開創1150年記念 特別展「旧嵯峨御所 大覚寺 ― 百花繚乱 御所ゆかりの絵画 ―」2025.1.21~3.16【東京国立博物館】
平安初期に嵯峨天皇が在位中に離宮嵯峨院を造営したことにはじまり、“嵯峨御所”とも称される大覚寺は、歴代天皇や皇族が住持した門跡寺院でもある。
空海のよき理解者でもあった嵯峨天皇は、旱魃や疫病の流行に際して般若心経を書写し、五大明王を信仰しはじめたという。その後、貞観18(876)年に皇女の正子内親王の願いにより寺院に改められ、大覚寺が開創。この開創から令和8(2026)年に1150年を迎えることを記念して開催されるのが本展だ。
展示室には国宝や重要文化財がずらり。平安時代後期の傑作である「五大明王像」が並び、鎌倉時代の「後宇多天皇宸翰 弘法大師伝」や「後宇多天皇宸翰 御手印遺告」をはじめとする貴重な書を目の当たりにして驚きながら展示室を進む戸、代々の清和源氏に継承された太刀「薄緑〈膝切〉」と「鬼切丸〈髭切〉」の前には人々が並ぶ。

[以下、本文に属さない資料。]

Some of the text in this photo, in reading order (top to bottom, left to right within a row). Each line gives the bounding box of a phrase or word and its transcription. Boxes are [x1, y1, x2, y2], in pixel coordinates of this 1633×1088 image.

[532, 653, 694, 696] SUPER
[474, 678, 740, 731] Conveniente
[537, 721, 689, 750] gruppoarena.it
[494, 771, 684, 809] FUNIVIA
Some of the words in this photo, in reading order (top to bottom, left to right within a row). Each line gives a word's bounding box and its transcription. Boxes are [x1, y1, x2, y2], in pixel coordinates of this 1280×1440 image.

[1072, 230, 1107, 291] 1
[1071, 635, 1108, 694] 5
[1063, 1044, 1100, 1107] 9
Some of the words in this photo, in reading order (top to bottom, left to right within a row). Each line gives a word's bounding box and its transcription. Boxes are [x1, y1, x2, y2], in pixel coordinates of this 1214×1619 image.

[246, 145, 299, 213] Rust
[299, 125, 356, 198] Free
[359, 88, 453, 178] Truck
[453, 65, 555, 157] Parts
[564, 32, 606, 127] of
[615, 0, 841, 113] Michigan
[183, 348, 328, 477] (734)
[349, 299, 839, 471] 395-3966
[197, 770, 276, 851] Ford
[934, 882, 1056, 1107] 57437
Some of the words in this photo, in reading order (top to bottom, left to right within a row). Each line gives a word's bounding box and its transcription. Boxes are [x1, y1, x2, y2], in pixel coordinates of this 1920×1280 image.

鎌倉時代にはこの地で院政が敷かれたという大覚寺。安土桃山時代から江戸時代には御所の一部が移築されているなど、歴史の趨勢とともにあった大覚寺ならではの貴重な建築に触れることができるのも本展の魅力だ。

大覚寺の宸殿(重要文化財)は、天皇に入内した二代将軍徳川秀忠の娘、東福門院和子が女御御殿として使用していた建物だという。その「牡丹の間」と「紅梅の間」を飾るのはいずれも重要文化財の「牡丹図」と「紅白梅図」であり、狩野山楽の代表作。

狩野山楽は、豊臣秀吉に仕えた木村永光の子であり、秀吉の推挙によって狩野永徳の門人となった。徳川幕府成立により、狩野探幽らが江戸にも拠点を築いたのに対して、京都に残った京狩野の祖としても知られる。
永徳のダイナミックさを受け継ぐような構図や筆遣いを感じさせながらも、奥行きのある空間表現に山楽らしさを感じさせる「牡丹図」。展示室を大胆に使った襖絵「牡丹図」全18面公開は圧巻だ。

幅や高さ、引手金具の位置などを改修した痕跡があることから 本来どこか他の御殿を飾っていたものであった可能性もあるそうだが、総長約22メートルにもおよぶ障壁画に大覚寺宸殿の空間の荘厳さを体感できる展示。

“花の寺”とも称される大覚寺。
実際に訪れてみたい気持ちになる展覧会だ。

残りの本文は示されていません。